- Opening Delimiter -
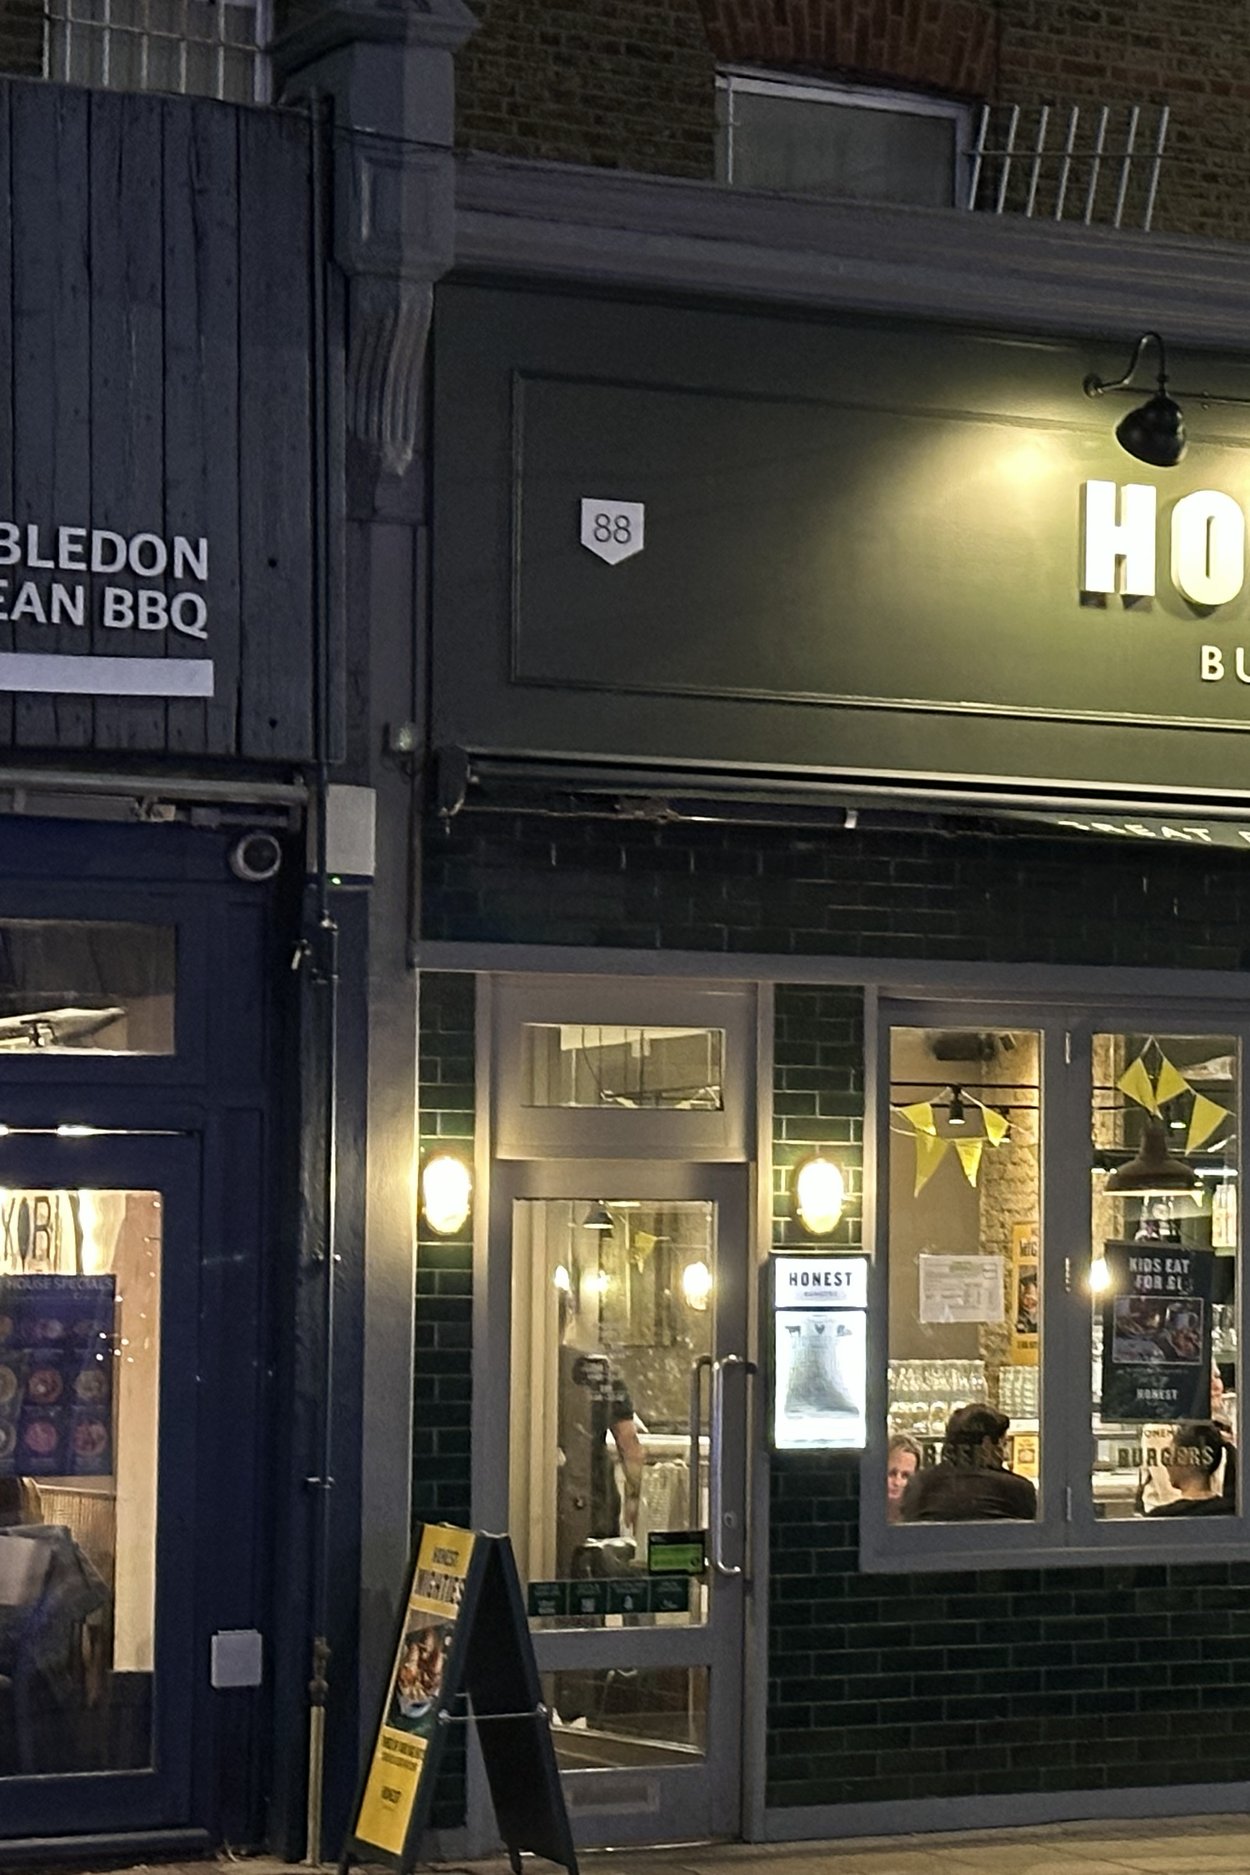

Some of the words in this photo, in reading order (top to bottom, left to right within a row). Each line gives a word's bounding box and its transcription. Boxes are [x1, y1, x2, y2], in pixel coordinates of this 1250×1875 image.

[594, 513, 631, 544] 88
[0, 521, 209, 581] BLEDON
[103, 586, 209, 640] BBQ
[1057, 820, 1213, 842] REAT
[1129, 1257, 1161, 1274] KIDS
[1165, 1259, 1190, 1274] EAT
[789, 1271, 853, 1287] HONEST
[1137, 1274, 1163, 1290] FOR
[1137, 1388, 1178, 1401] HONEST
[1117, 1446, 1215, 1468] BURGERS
- Closing Delimiter -
• [WORK TO COMPLETE]:
Return every line of the records exactly as given, pictures excluded.

• [RESULT OF THE EXERCISE]:
Some of the words in this photo, in reading order (top to bottom, left to right within a row). Each line gives a word's bounding box and its transcription. Boxes are [x1, y1, x2, y2], in pixel coordinates of this 1250×1875 image.

[594, 513, 631, 544] 88
[0, 521, 209, 581] BLEDON
[103, 586, 209, 640] BBQ
[1057, 820, 1213, 842] REAT
[1129, 1257, 1161, 1274] KIDS
[1165, 1259, 1190, 1274] EAT
[789, 1271, 853, 1287] HONEST
[1137, 1274, 1163, 1290] FOR
[1137, 1388, 1178, 1401] HONEST
[1117, 1446, 1215, 1468] BURGERS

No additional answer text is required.